In zebrafish telencephalon, ephA4a, the zebrafish homolog for EphA4, is expressed in Dc and Dl (F, G). The border of ephA4a expression corresponds to the border between Dc and Dm, which is morphologically discernible by the sy fissure. Dm is devoid of ephA4a expression. In contrast, cb1, the zebrafish homolog for Cannabinoid receptor 1 (CB1) is expressed strongly in Dm and less in Dc and Dl (H, I). Again, the border of cb1 expression corresponds to sy. These expression patterns are consistent with the fact that mouse CB1 is expressed in the basolateral amygdala (Marsicano and Lutz, 1999; Katona et al., 2001; Marsicano et al., 2002) and mouse EphA4 is expressed in the cortical layer III/IV and the hippocampus (Greferath et al., 2002). (J) Schematic dorsal and coronal views of zebrafish telencephalon. OB, olfactory bulb; Tel, telencephalon; Dm, medial zone of the dorsal telencephalic area; Dc, central zone of the dorsal telencephalic area; Dl, lateral zone of the dorsal telencephalic area; Vd, dorsal nucleus of the ventral telencephalic area. (K-L) Expression of <γ-pptac1 (green) and penk (red) was analyzed by two-color fluorescent in situ hybridization in zebrafish telencephalon. Coronal view is shown.

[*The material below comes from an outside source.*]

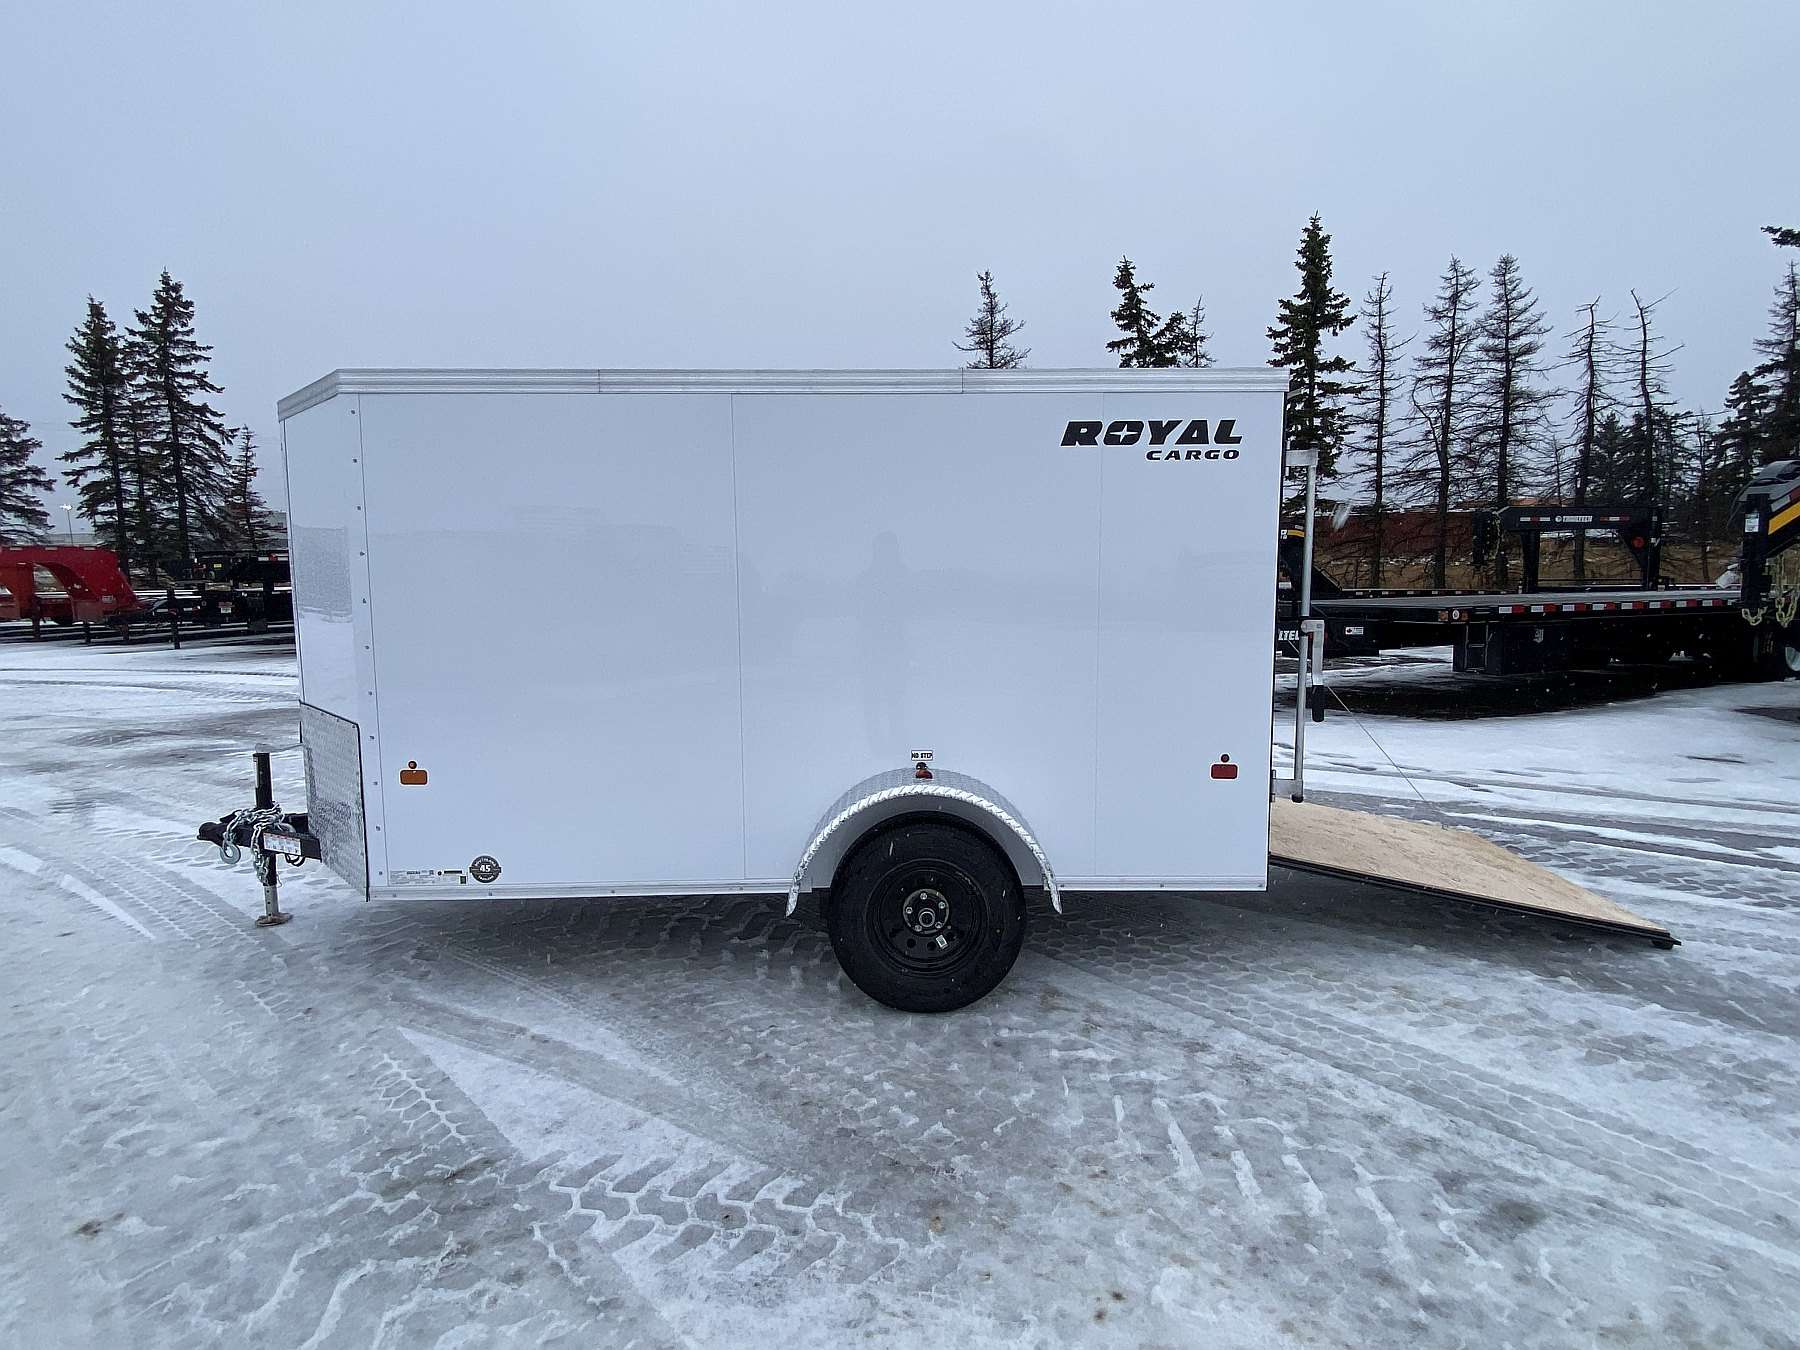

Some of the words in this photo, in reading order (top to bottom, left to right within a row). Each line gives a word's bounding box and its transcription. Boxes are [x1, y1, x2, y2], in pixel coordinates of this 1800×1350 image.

Magnified views of the square region in K are shown in L1-L3. Note that neurons expressing γ-pptac1 and penk are mostly separate in the Vd as in the mammalian striatum except for the rare (two) double-positive cells (L1-L3, white arrows).
(M-T) Tracing afferent and efferent connections of the activated area. (M-O) The activity spot was detected by large-field calcium imaging (M). The straight dotted line indicates the midline between two hemispheres. The curved dotted line indicates sy. The tracer-injected site was confirmed by the rhodamine fluorescence (N) overlapping with the activity spot (O).
(P) Coronal section at the injection site, located lateral to sy (arrowhead). Scale bar indicates 200 μm.
(Q, R) Anterograde tracing of the activity spot revealed that axons from the activity spot formed a lateral forebrain bundle (LFB, arrows in R) and passed by the ENd. Retrogradely labeled large cell bodies within the ENd were also observed (arrowheads in R). After passing by the ENd, the projection extended into the anterior commissure (AC), reaching the contralateral hemisphere (arrows in Q). Scale bar in Q indicates 200 μm.
(S, T) Retrogradely labeled cell bodies (arrowheads in T) were observed in the midbrain multisensory relay nucleus, the preglomerular nucleus (PG, dotted line). There were also some fibers located medially to the PG (an arrow in T). Scale bar in S indicates 200 μm.